_Work item_: Each record below is to be copied exactly; the pictures are to be omitted.

_Supplied records_:
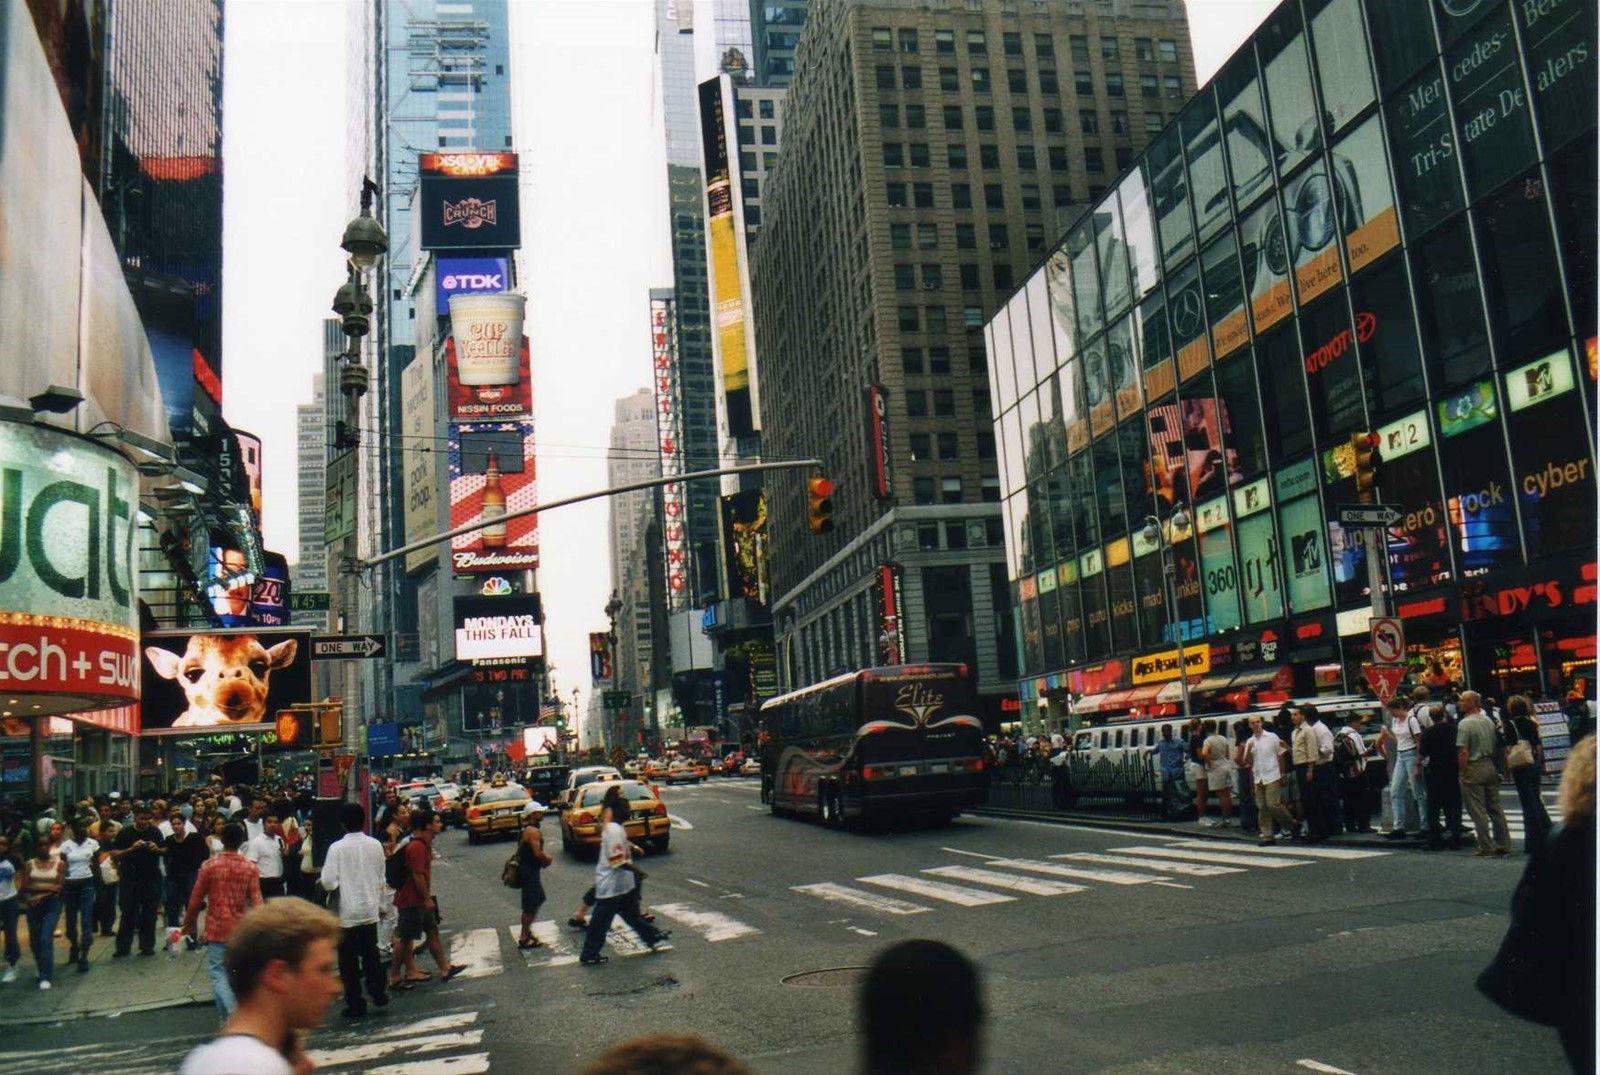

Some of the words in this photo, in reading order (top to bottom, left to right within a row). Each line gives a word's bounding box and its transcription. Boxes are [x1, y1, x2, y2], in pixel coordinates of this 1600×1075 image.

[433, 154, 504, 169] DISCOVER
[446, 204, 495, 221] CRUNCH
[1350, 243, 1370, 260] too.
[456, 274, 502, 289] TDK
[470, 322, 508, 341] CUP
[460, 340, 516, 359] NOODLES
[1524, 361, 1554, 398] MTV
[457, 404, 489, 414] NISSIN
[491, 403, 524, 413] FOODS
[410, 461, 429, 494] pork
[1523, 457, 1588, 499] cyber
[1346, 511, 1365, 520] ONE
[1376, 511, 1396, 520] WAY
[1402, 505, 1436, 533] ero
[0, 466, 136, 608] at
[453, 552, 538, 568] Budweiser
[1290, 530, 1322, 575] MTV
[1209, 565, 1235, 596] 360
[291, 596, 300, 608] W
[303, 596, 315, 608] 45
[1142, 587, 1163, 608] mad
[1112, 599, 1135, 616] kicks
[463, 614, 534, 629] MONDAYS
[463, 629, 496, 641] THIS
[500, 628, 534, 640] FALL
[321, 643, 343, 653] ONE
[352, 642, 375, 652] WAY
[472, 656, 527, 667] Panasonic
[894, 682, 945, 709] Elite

_Written answer_:
Some of the words in this photo, in reading order (top to bottom, left to right within a row). Each line gives a word's bounding box and its transcription. Boxes are [x1, y1, x2, y2], in pixel coordinates of this 1600×1075 image.

[433, 154, 504, 169] DISCOVER
[446, 204, 495, 221] CRUNCH
[1350, 243, 1370, 260] too.
[456, 274, 502, 289] TDK
[470, 322, 508, 341] CUP
[460, 340, 516, 359] NOODLES
[1524, 361, 1554, 398] MTV
[457, 404, 489, 414] NISSIN
[491, 403, 524, 413] FOODS
[410, 461, 429, 494] pork
[1523, 457, 1588, 499] cyber
[1346, 511, 1365, 520] ONE
[1376, 511, 1396, 520] WAY
[1402, 505, 1436, 533] ero
[0, 466, 136, 608] at
[453, 552, 538, 568] Budweiser
[1290, 530, 1322, 575] MTV
[1209, 565, 1235, 596] 360
[291, 596, 300, 608] W
[303, 596, 315, 608] 45
[1142, 587, 1163, 608] mad
[1112, 599, 1135, 616] kicks
[463, 614, 534, 629] MONDAYS
[463, 629, 496, 641] THIS
[500, 628, 534, 640] FALL
[321, 643, 343, 653] ONE
[352, 642, 375, 652] WAY
[472, 656, 527, 667] Panasonic
[894, 682, 945, 709] Elite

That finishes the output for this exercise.